Task statement:
Should an entry include a picture, omit the picture and still repeat everything else exactly.

Provided information:
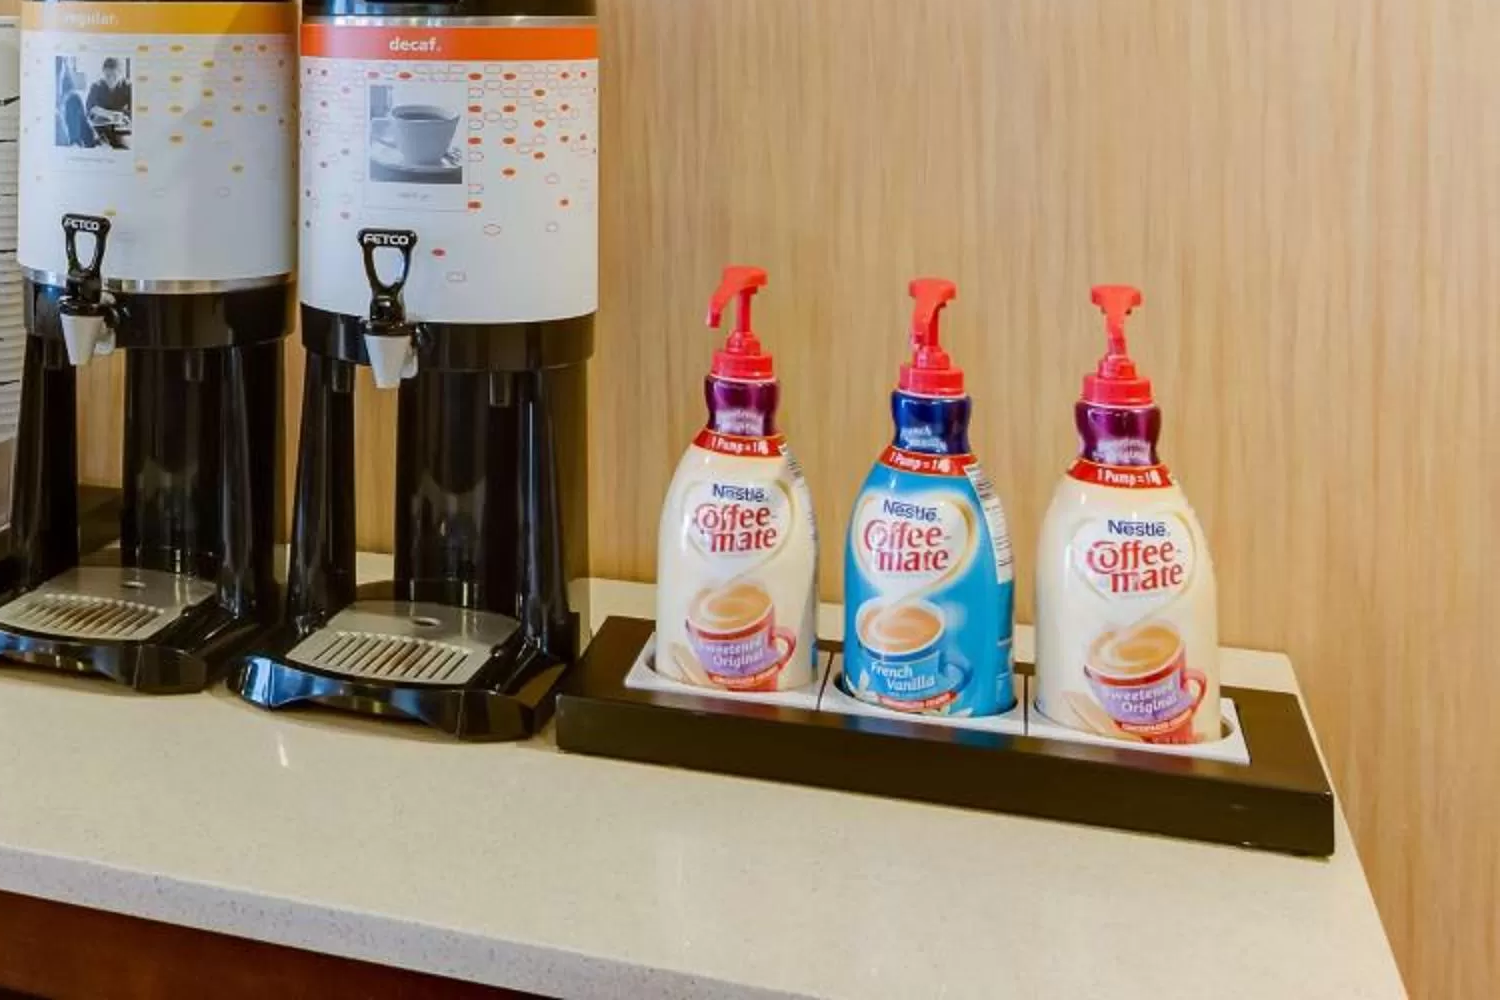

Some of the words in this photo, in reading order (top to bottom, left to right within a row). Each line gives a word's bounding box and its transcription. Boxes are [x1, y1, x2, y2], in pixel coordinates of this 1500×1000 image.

[389, 35, 442, 52] decaf.
[63, 218, 100, 231] FETCO
[363, 232, 409, 245] FETCO
[710, 528, 777, 553] mate
[878, 549, 949, 572] mate
[1110, 564, 1183, 593] mate
[871, 660, 913, 677] French
[886, 674, 935, 691] Vanilla

Answer for this exercise:
Some of the words in this photo, in reading order (top to bottom, left to right within a row). Each line gives a word's bounding box and its transcription. Boxes are [x1, y1, x2, y2], in pixel coordinates of this 1500×1000 image.

[389, 35, 442, 52] decaf.
[63, 218, 100, 231] FETCO
[363, 232, 409, 245] FETCO
[710, 528, 777, 553] mate
[878, 549, 949, 572] mate
[1110, 564, 1183, 593] mate
[871, 660, 913, 677] French
[886, 674, 935, 691] Vanilla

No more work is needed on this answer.